* **TASK DATA**
*** Begin section ***

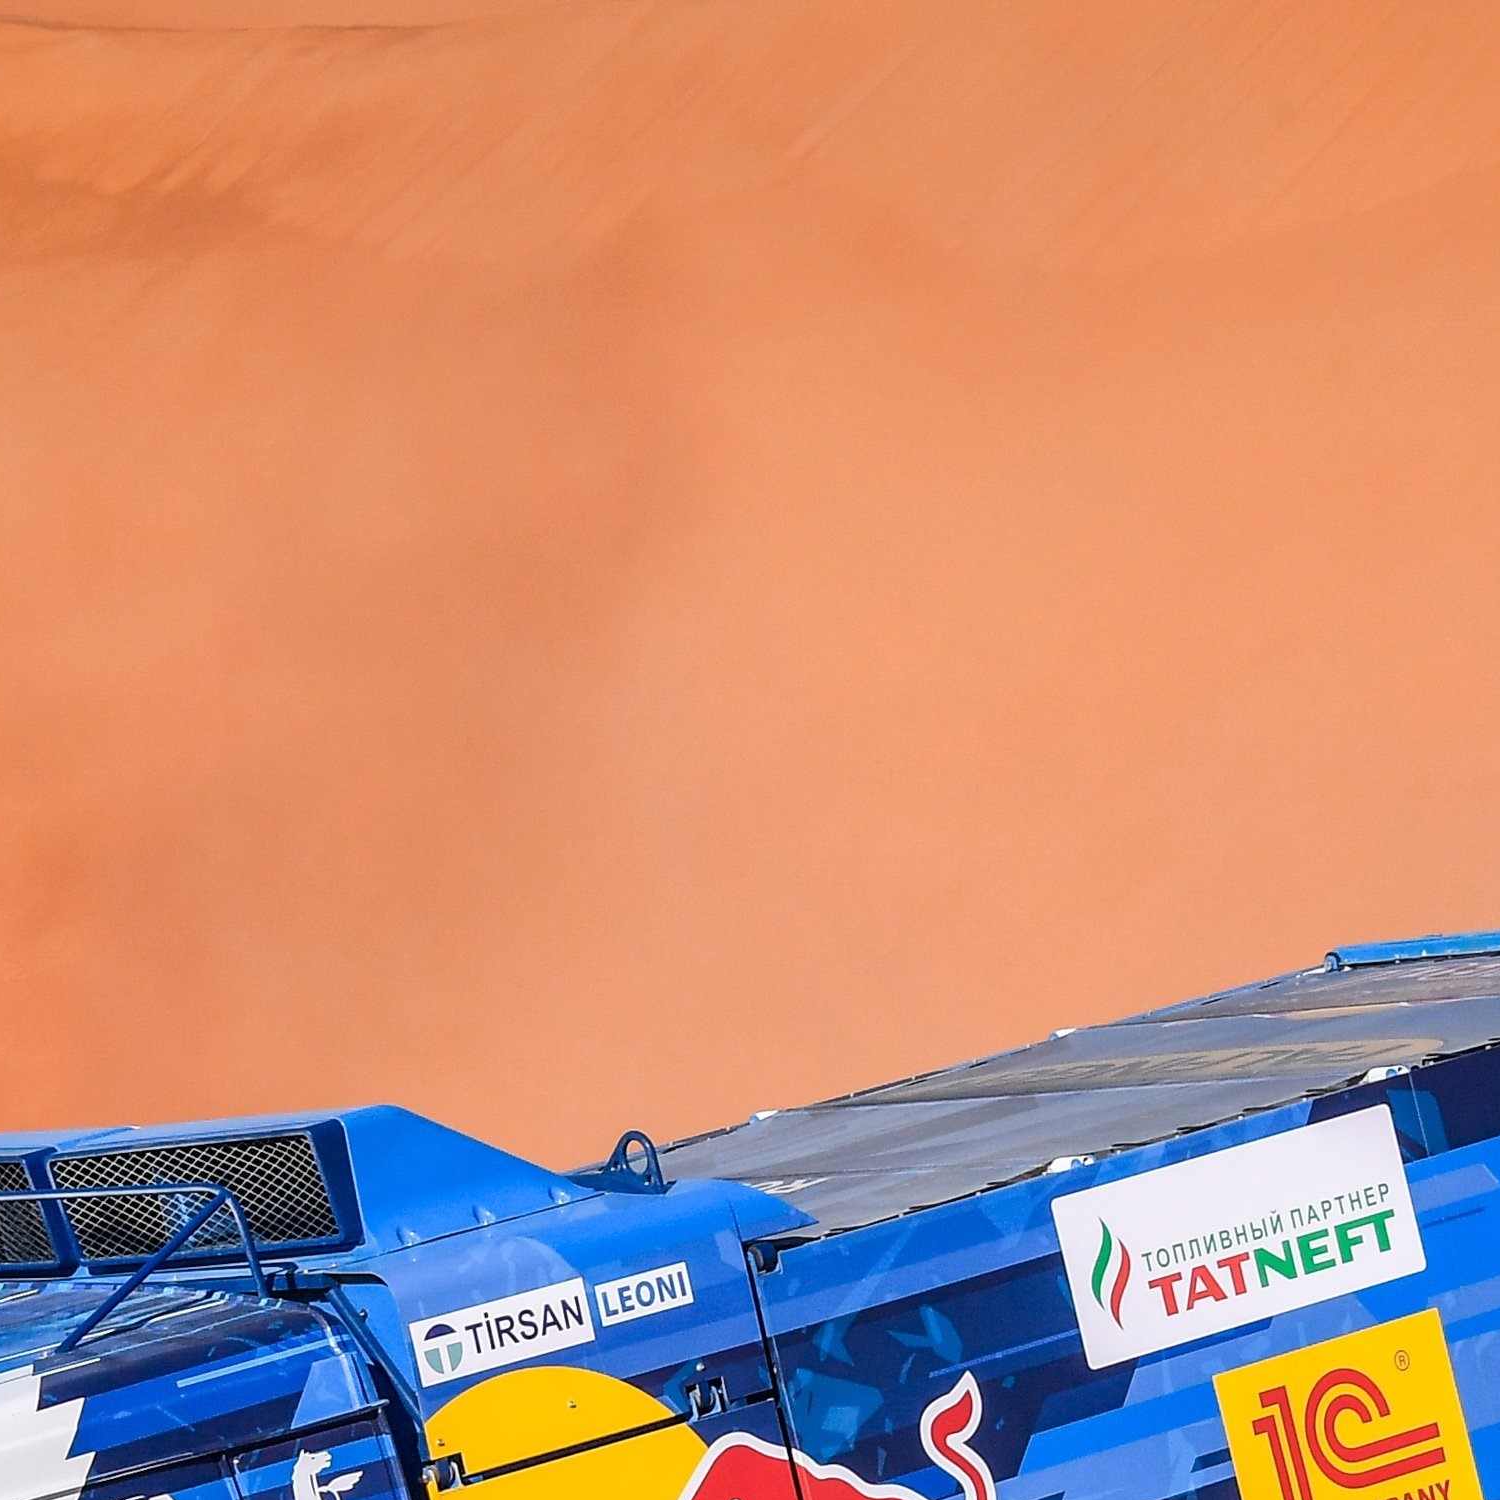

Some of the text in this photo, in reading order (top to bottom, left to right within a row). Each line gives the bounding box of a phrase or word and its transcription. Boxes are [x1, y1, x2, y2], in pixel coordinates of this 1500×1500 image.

[1141, 1183, 1391, 1272] ТОПЛИВНЫЙ ПАРТНЕР
[1148, 1208, 1395, 1317] TATNEFT
[601, 1271, 688, 1317] LEONI
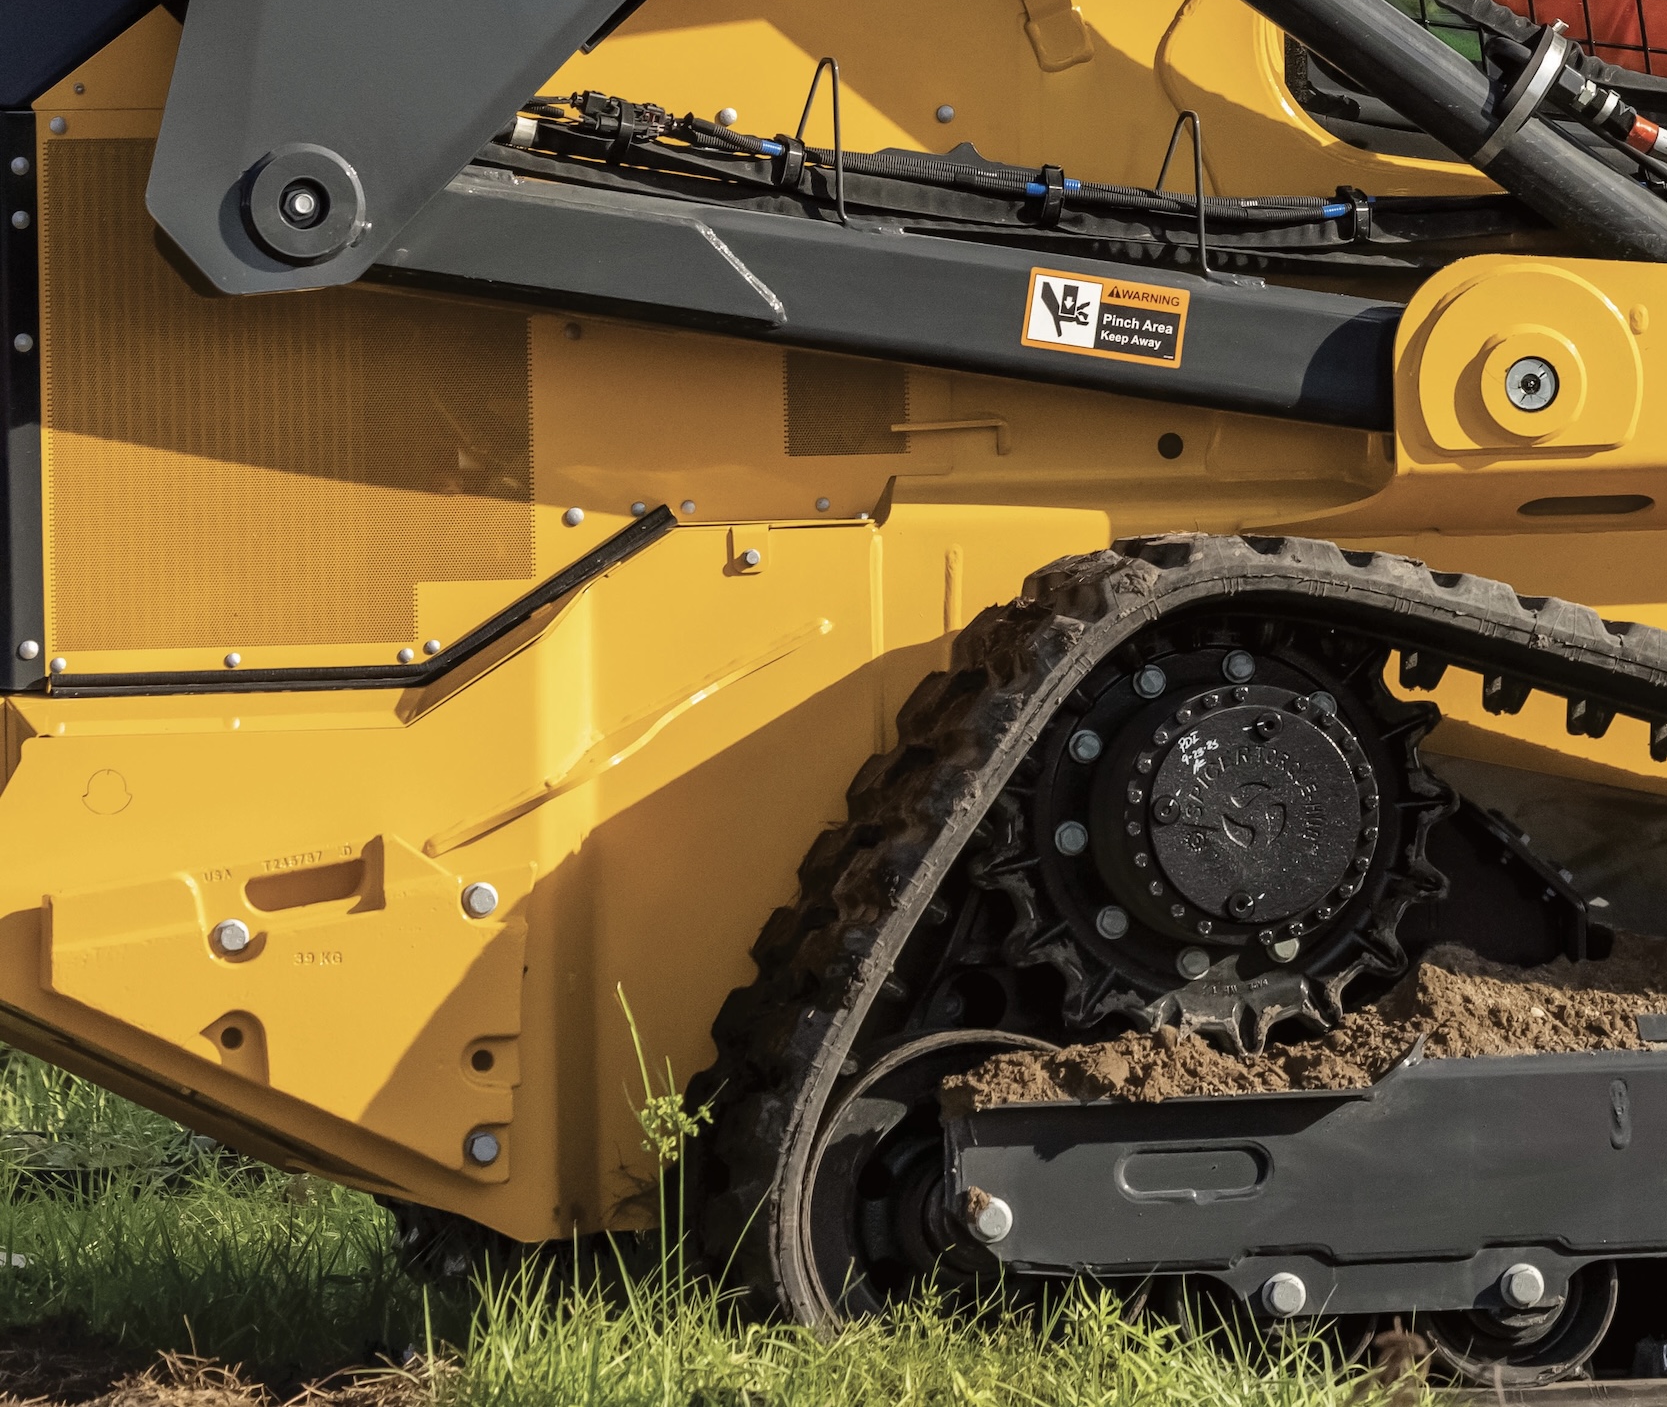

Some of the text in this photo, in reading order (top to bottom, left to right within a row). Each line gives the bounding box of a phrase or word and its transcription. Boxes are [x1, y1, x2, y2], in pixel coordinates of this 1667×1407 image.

[1122, 289, 1180, 307] WARNING
[1102, 313, 1173, 335] Pinch Area
[1100, 330, 1161, 350] Keep Away
[203, 868, 233, 882] USA
[320, 951, 343, 966] KG
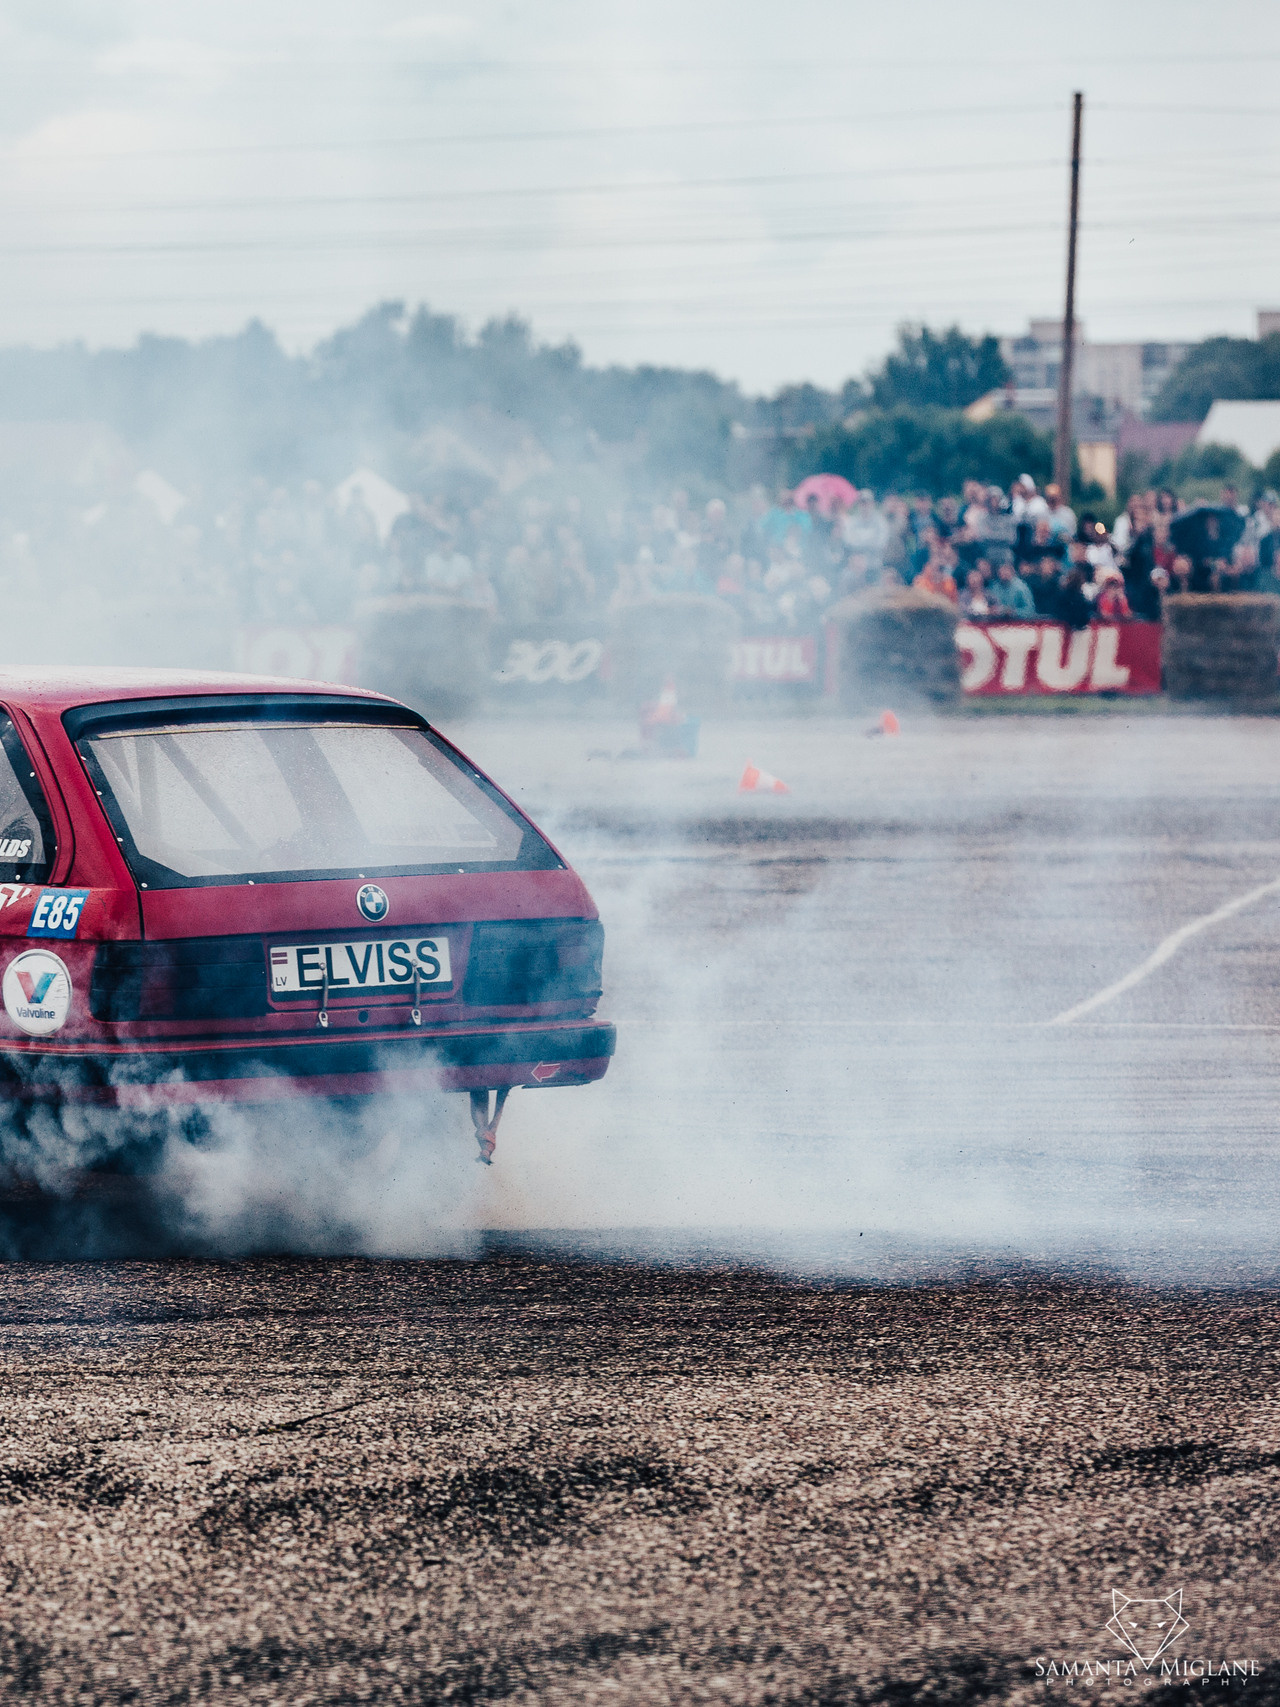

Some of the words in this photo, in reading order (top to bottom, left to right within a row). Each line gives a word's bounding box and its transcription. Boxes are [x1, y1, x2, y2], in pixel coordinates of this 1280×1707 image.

[32, 895, 85, 931] E85
[296, 940, 441, 988] ELVISS
[275, 976, 287, 987] LV
[16, 1006, 56, 1019] Valvoline

*** End section ***

* **WHAT TO PRODUCE**
Transcribe the entries above verbatim, omitting their pictures.

* **RESPONSE BELOW**
Some of the text in this photo, in reading order (top to bottom, left to right within a row). Each line gives the bounding box of a phrase or word and its transcription. Boxes are [x1, y1, x2, y2], in pixel coordinates of this 1500×1500 image.

[1141, 1183, 1391, 1272] ТОПЛИВНЫЙ ПАРТНЕР
[1148, 1208, 1395, 1317] TATNEFT
[601, 1271, 688, 1317] LEONI

Some of the text in this photo, in reading order (top to bottom, left to right within a row). Each line gives the bounding box of a phrase or word and its transcription. Boxes are [x1, y1, x2, y2], in pixel coordinates of this 1667×1407 image.

[1122, 289, 1180, 307] WARNING
[1102, 313, 1173, 335] Pinch Area
[1100, 330, 1161, 350] Keep Away
[203, 868, 233, 882] USA
[320, 951, 343, 966] KG

Some of the words in this photo, in reading order (top to bottom, left to right within a row). Each line gives a word's bounding box and its transcription. Boxes are [x1, y1, x2, y2], in pixel coordinates of this 1280×1707 image.

[32, 895, 85, 931] E85
[296, 940, 441, 988] ELVISS
[275, 976, 287, 987] LV
[16, 1006, 56, 1019] Valvoline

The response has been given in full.